Fast-forward to “Granny’s” 98th birthday. For the event, several of us traveled to the motherhouse in Indiana where she’d retired with many of her friends. Even in old age, they were still remarkably gracious ladies. Within minutes of our arrival, a cart appeared with sandwich fixings, cold drinks and beer. (They’d never been overly pious, these veterans of tough missions.) One sister spoke fondly of her work with H’mong refugees, who in gratitude had given her a H’mong name which translated to “Sister Umbrella.” The umbrella not only symbolized their new life in the U.S., but also her kind protection, shelter in a strange place.

May aunt was almost totally deaf, but she didn’t let that isolate her. At the slightest provocation she’d launch into hysterical stories, like her puzzlement when a poor family in San Antonio had gratefully brought the sisters a live chicken. Or the time the bishop, thrilled with his new television, invited the sisters to share the wealth. Unfortunately, their little town didn’t yet have a channel, so they tried to sit appreciatively through snow on the screen and static in the air.  Later, when he’d watch his cowboy shows upstairs, her job was distracting visitors for an hour, trying to convince them he was praying, and disguising the thrumming of horse hooves overhead.

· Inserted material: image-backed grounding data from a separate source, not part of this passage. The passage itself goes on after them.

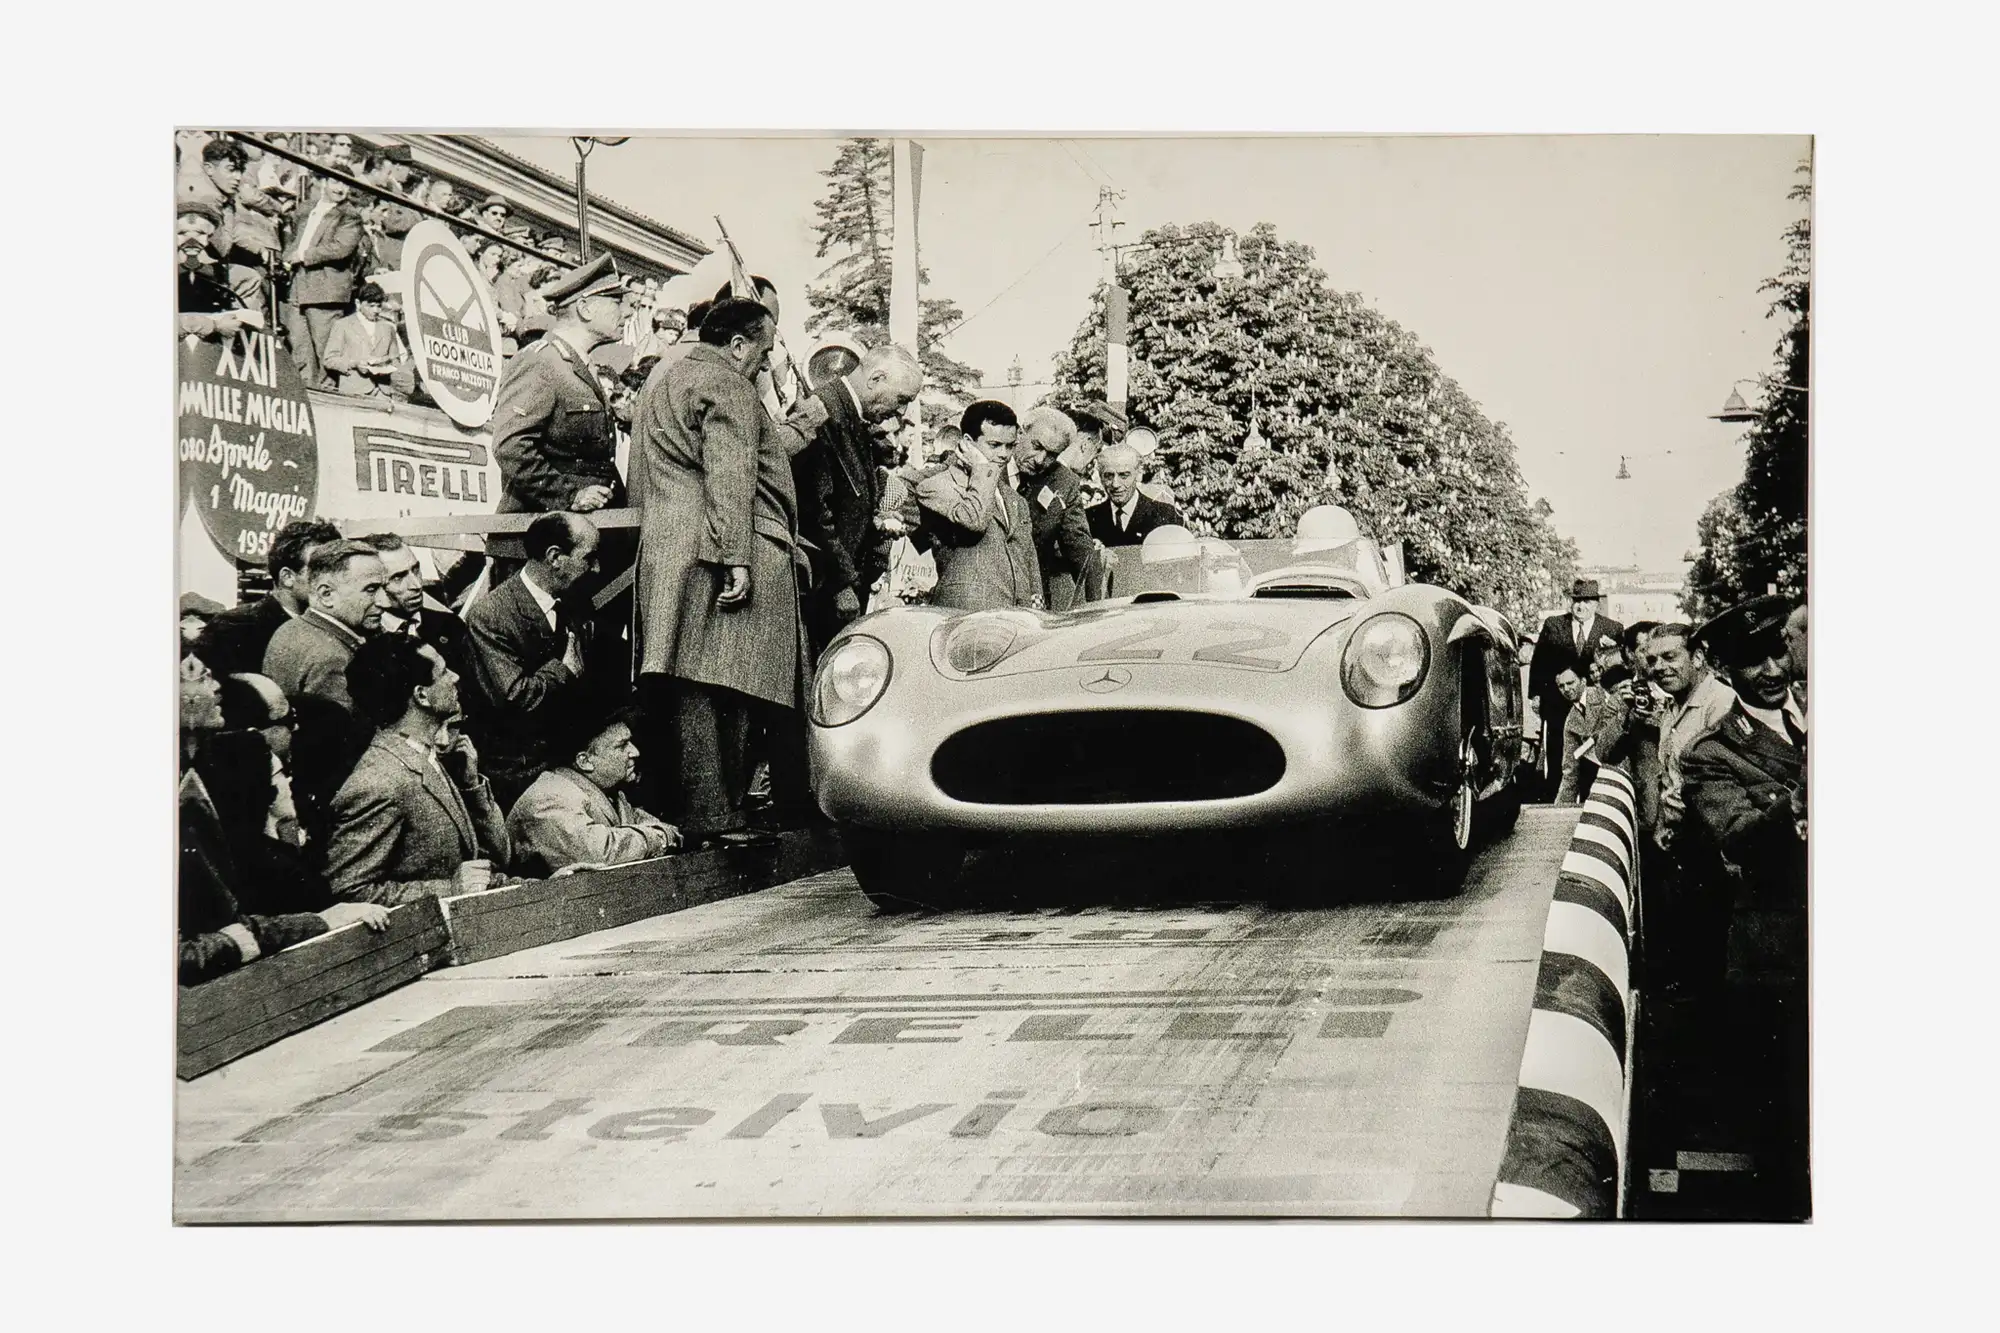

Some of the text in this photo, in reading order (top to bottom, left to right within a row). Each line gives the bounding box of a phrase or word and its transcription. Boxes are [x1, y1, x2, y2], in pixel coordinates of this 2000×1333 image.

[442, 322, 469, 345] CLUB
[180, 380, 313, 437] MILLE MIGLIA
[206, 423, 273, 480] Aprile
[353, 426, 488, 503] PIRELLI
[210, 473, 308, 531] 1 Maggio
[1077, 616, 1292, 670] 22
[364, 988, 1423, 1052] PIRELLI
[354, 1091, 1168, 1142] stelvio

A frequent refrain when she described her many kinds of service: “it was such a privilege.” Never a complaint, when there must have been plenty of irritations, frustrations and tragedies. She quoted a hymn which might sound cheesy now, but which fit her perfectly: What more could Jesus do? How many more blessings could there be? Many of her friends had died, but she reveled in the present moment. Even in her walker, she gave us a tour that exhausted the young folk, and made sure we had our afternoon snack of cookies and Cokes. Bent over with osteoporosis, she nevertheless bent even further to touch the arm of a sister whose mind was fine but whose body was almost paralyzed. As she made a “date” for a chat later, she was the portrait of compassion.

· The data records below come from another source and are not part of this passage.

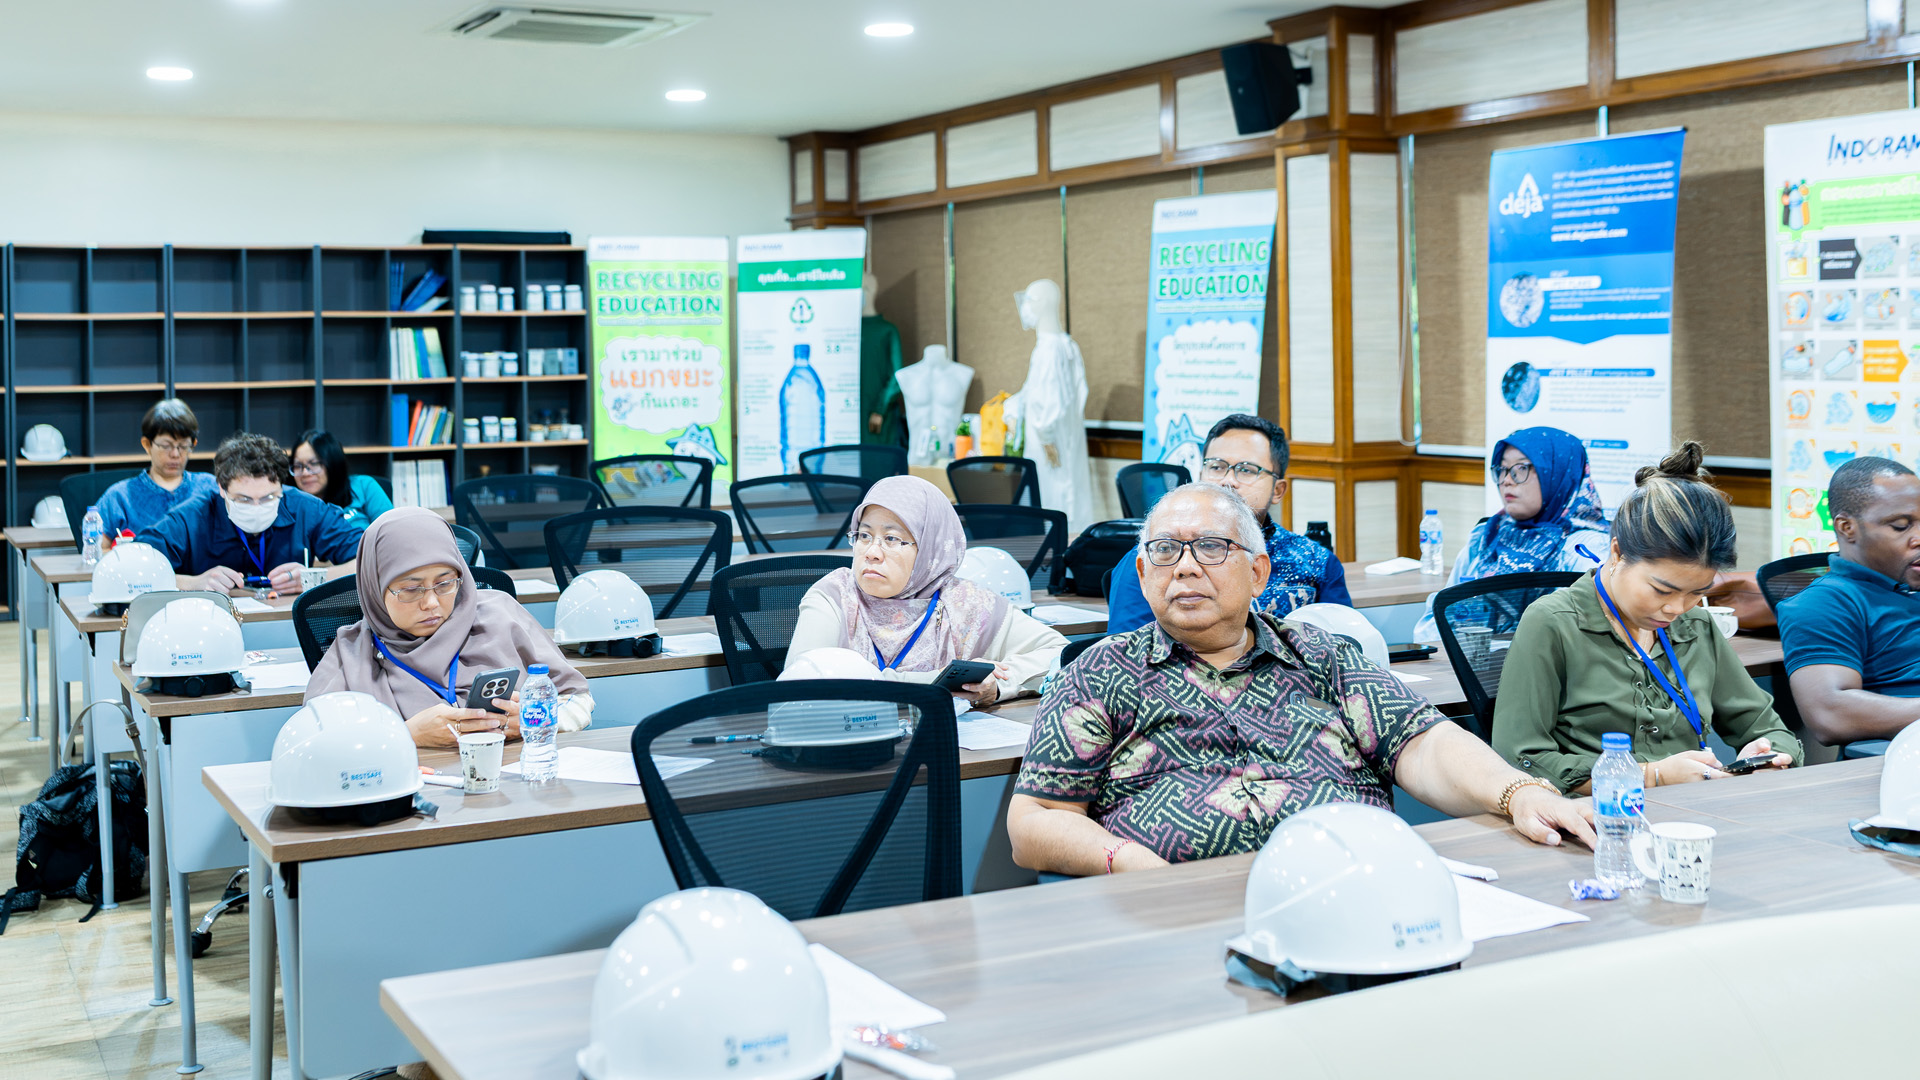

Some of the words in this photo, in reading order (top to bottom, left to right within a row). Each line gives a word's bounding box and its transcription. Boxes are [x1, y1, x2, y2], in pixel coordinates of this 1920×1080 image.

[1159, 241, 1268, 266] RECYCLING
[597, 272, 721, 288] RECYCLING
[1159, 274, 1265, 296] EDUCATION
[597, 297, 721, 313] EDUCATION
[621, 345, 702, 362] เรามาช่วย
[610, 368, 713, 388] แยกขยะ
[640, 392, 700, 409] กันเถอะ
[851, 715, 877, 723] BESTSAFE
[350, 770, 382, 781] BESTSAFE

The large campus which the sisters run is noted for its hospitality. In cooperation with Lutheran Services, they offer retreats for women veterans returning from deployment. How peaceful it must be, I thought, after Iraq or Afghanistan: these gardens, beehives, ponds and grasslands. Each sister, living or dead, has a tree with her name hanging on a small plaque on the trunk. For Arbor Day, local schoolchildren identify the wide variety of trees, hike through areas set aside for conservation, and take home their own sapling. Their labyrinth is open to all and many have entered this form of moving meditation that dates back to medieval cathedrals. The morning I walked it, grass, leaves and pine needles were gleaming with tiny drops from a recent rain. Each branch, each step bejeweled: it must have been an image for the life of grace, the kind of lives these sisters had so gratefully embraced.

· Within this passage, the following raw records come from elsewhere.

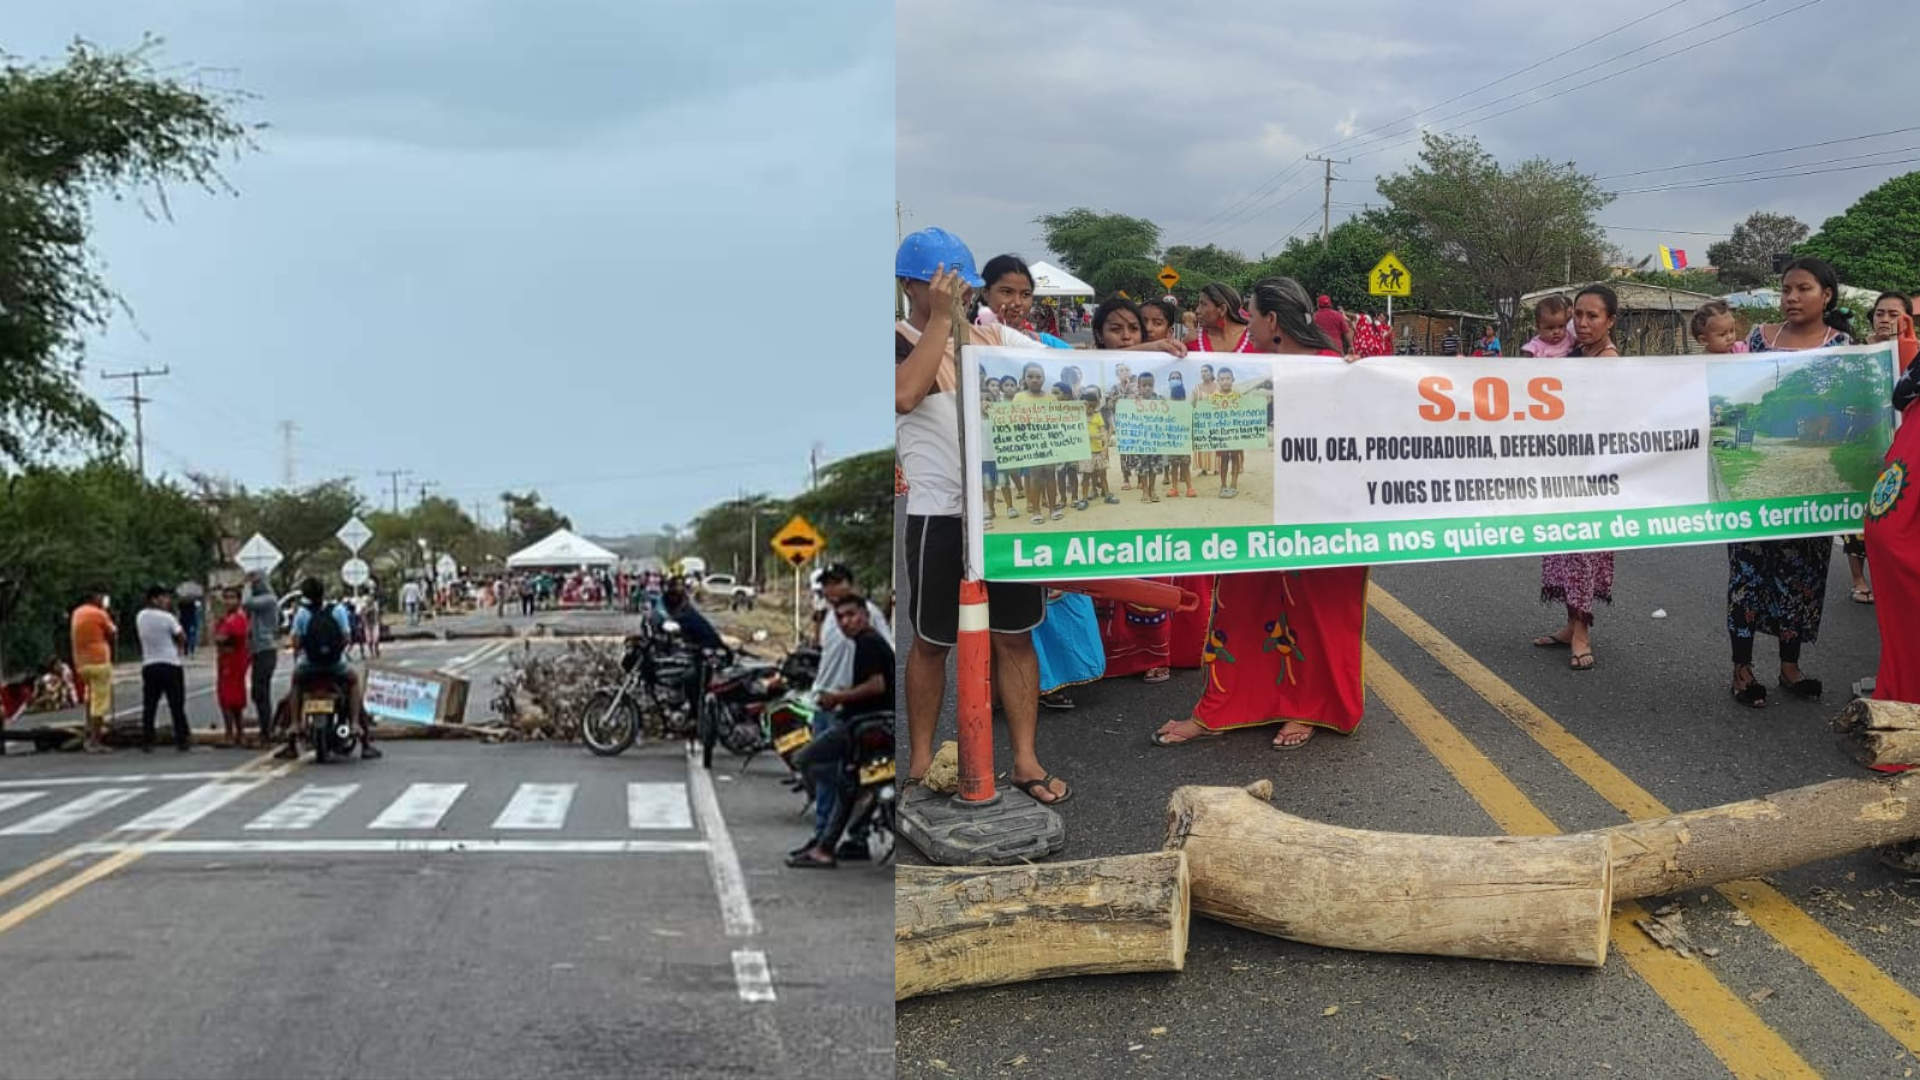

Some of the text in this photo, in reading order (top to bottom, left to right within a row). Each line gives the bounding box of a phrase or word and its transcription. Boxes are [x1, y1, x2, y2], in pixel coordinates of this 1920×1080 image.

[1417, 375, 1565, 423] S.O.S
[1281, 428, 1700, 464] ONU, OEA, PROCURADURIA, DEFENSORIA PERSONERIA
[1366, 473, 1620, 506] Y ONGS DE DERECHOS HUMANOS
[1013, 538, 1053, 568] La
[1063, 532, 1192, 566] Alcaldía
[1202, 532, 1238, 560] de
[1248, 528, 1380, 558] Riohacha
[1388, 530, 1436, 552] nos
[1443, 522, 1526, 554] quiere
[1533, 514, 1603, 544] sacar
[1609, 514, 1641, 539] de
[1648, 508, 1753, 537] nuestros

To look back over 98 years with obvious joy and appreciation must be a great gift. Always the Irish storyteller with perfect timing and cadence, Granny loved to embellish precious memories and entertain a new, youthful audience. She even bragged about the Babe Ruth autograph she’d gotten on a baseball, waiting outside the ballpark as a girl. But the story she told most proudly was of a small, shy boy, asking her to be his grandma. Now 37, he got misty-eyed, as did his wife, who was hearing it for the first time.